======== Record set

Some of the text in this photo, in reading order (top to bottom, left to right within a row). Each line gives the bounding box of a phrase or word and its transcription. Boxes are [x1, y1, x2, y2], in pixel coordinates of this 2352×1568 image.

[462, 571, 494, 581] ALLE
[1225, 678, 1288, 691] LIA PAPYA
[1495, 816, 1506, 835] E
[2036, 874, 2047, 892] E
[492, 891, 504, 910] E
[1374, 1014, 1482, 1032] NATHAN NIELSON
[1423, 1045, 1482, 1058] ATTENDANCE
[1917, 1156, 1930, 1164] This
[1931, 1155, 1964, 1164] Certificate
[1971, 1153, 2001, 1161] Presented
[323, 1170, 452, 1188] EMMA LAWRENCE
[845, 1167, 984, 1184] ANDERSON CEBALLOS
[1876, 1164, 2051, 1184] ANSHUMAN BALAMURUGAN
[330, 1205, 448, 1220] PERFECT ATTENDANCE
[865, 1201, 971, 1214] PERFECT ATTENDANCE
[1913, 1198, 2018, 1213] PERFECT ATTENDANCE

================

Task directions
Give the data again, exactly as it stands.

Response box
Some of the text in this photo, in reading order (top to bottom, left to right within a row). Each line gives the bounding box of a phrase or word and its transcription. Boxes are [x1, y1, x2, y2], in pixel coordinates of this 2352×1568 image.

[462, 571, 494, 581] ALLE
[1225, 678, 1288, 691] LIA PAPYA
[1495, 816, 1506, 835] E
[2036, 874, 2047, 892] E
[492, 891, 504, 910] E
[1374, 1014, 1482, 1032] NATHAN NIELSON
[1423, 1045, 1482, 1058] ATTENDANCE
[1917, 1156, 1930, 1164] This
[1931, 1155, 1964, 1164] Certificate
[1971, 1153, 2001, 1161] Presented
[323, 1170, 452, 1188] EMMA LAWRENCE
[845, 1167, 984, 1184] ANDERSON CEBALLOS
[1876, 1164, 2051, 1184] ANSHUMAN BALAMURUGAN
[330, 1205, 448, 1220] PERFECT ATTENDANCE
[865, 1201, 971, 1214] PERFECT ATTENDANCE
[1913, 1198, 2018, 1213] PERFECT ATTENDANCE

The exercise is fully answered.